(Data for analysis Opens)

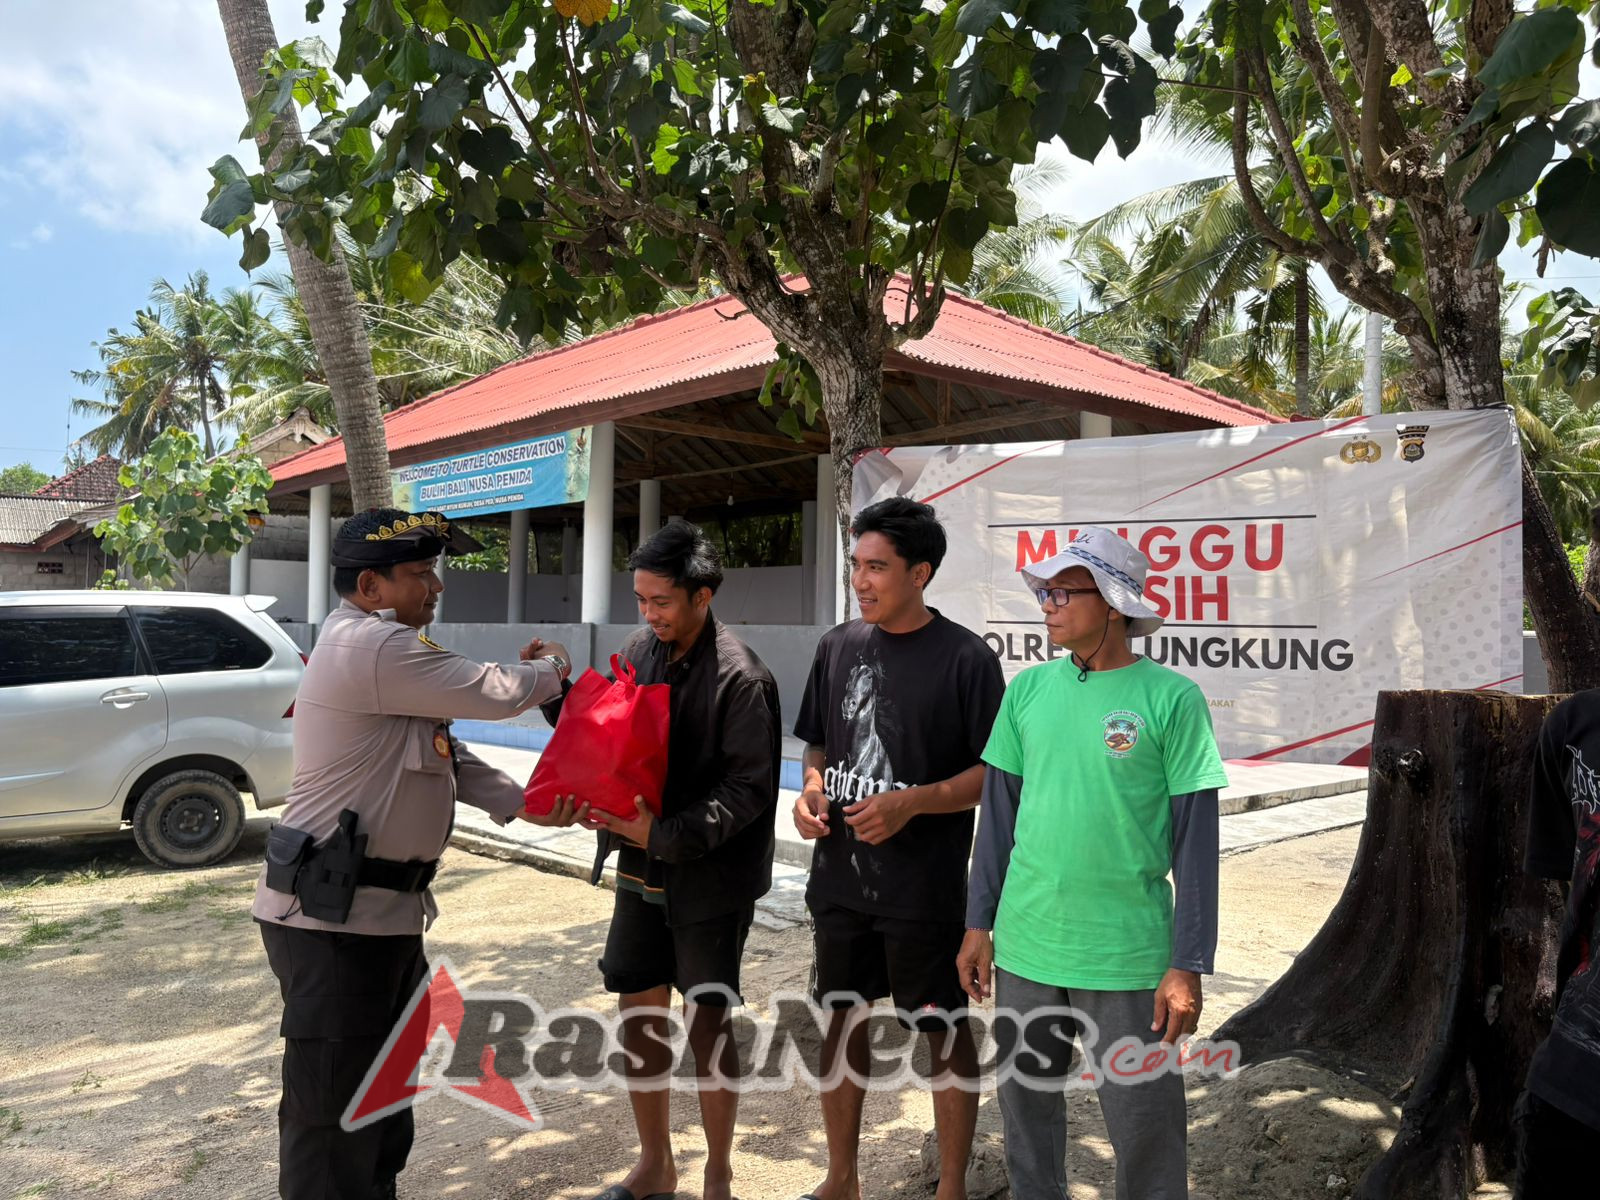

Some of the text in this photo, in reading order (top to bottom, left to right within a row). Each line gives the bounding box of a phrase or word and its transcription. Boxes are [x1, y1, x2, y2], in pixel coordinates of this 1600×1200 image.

[400, 437, 566, 483] WELCOME TO TURTLE CONSERVATION
[421, 468, 532, 501] BULIH BALI NUSA PENIDA
[1015, 523, 1284, 573] MGGU
[1143, 575, 1229, 621] SIH
[982, 632, 1354, 673] OLRE UNGKUNG
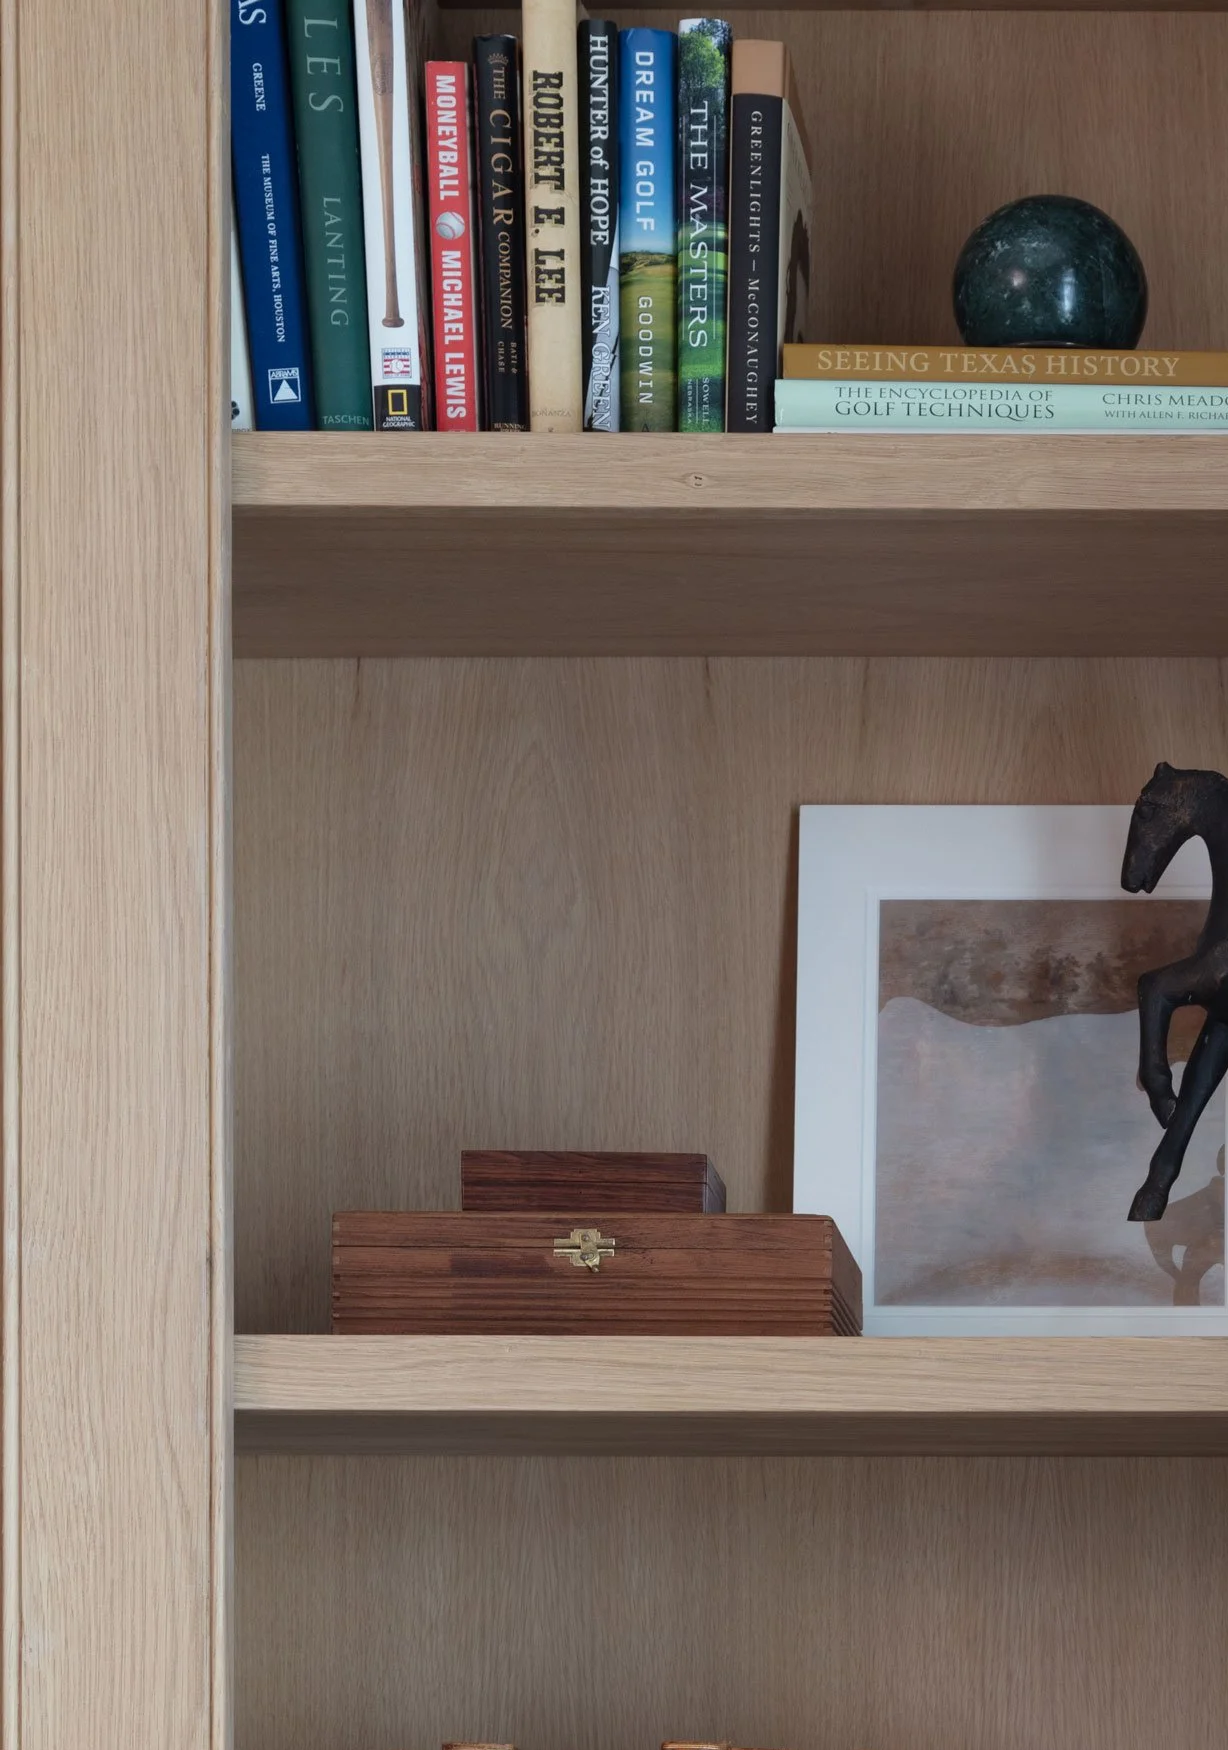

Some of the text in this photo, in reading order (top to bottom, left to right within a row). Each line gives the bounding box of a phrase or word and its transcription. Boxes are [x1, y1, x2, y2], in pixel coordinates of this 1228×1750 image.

[252, 63, 266, 111] GREENE
[304, 16, 344, 112] LES
[436, 75, 459, 201] MONEYBALL
[532, 70, 566, 304] ROBERT E. LEE
[589, 34, 610, 246] HUNTER of HOPE
[635, 51, 655, 231] DREAM GOLF
[489, 67, 514, 330] THE CIGAR COMPANION
[688, 101, 709, 348] THE MASTERS
[323, 197, 349, 326] LANTING
[745, 110, 763, 424] GREENLIGHTS McCONAUGHEY
[271, 369, 298, 379] ABRAMS
[442, 250, 467, 419] MICHAEL LEWIS
[497, 341, 505, 373] CHASE
[592, 285, 611, 429] KEN GREEN
[638, 296, 653, 404] GOODWIN
[817, 350, 1181, 378] SEEING TEXAS HISTORY
[322, 415, 370, 426] TASCHEN
[835, 386, 1053, 402] THE ENCYCLOPEDIA OF
[835, 401, 1055, 422] GOLF TECHNIQUES
[1102, 393, 1163, 406] CHRIS
[1104, 410, 1136, 420] WITH
[1139, 410, 1174, 420] ALLEN
[1176, 411, 1186, 420] F.

(Data for analysis Closes)

_Exercise instructions:_ The reply must hold each line of the records verbatim and no pictures.

_The completed task:_
Some of the text in this photo, in reading order (top to bottom, left to right within a row). Each line gives the bounding box of a phrase or word and its transcription. Boxes are [x1, y1, x2, y2], in pixel coordinates of this 1600×1200 image.

[400, 437, 566, 483] WELCOME TO TURTLE CONSERVATION
[421, 468, 532, 501] BULIH BALI NUSA PENIDA
[1015, 523, 1284, 573] MGGU
[1143, 575, 1229, 621] SIH
[982, 632, 1354, 673] OLRE UNGKUNG

Some of the text in this photo, in reading order (top to bottom, left to right within a row). Each line gives the bounding box of a phrase or word and its transcription. Boxes are [x1, y1, x2, y2], in pixel coordinates of this 1228×1750 image.

[252, 63, 266, 111] GREENE
[304, 16, 344, 112] LES
[436, 75, 459, 201] MONEYBALL
[532, 70, 566, 304] ROBERT E. LEE
[589, 34, 610, 246] HUNTER of HOPE
[635, 51, 655, 231] DREAM GOLF
[489, 67, 514, 330] THE CIGAR COMPANION
[688, 101, 709, 348] THE MASTERS
[323, 197, 349, 326] LANTING
[745, 110, 763, 424] GREENLIGHTS McCONAUGHEY
[271, 369, 298, 379] ABRAMS
[442, 250, 467, 419] MICHAEL LEWIS
[497, 341, 505, 373] CHASE
[592, 285, 611, 429] KEN GREEN
[638, 296, 653, 404] GOODWIN
[817, 350, 1181, 378] SEEING TEXAS HISTORY
[322, 415, 370, 426] TASCHEN
[835, 386, 1053, 402] THE ENCYCLOPEDIA OF
[835, 401, 1055, 422] GOLF TECHNIQUES
[1102, 393, 1163, 406] CHRIS
[1104, 410, 1136, 420] WITH
[1139, 410, 1174, 420] ALLEN
[1176, 411, 1186, 420] F.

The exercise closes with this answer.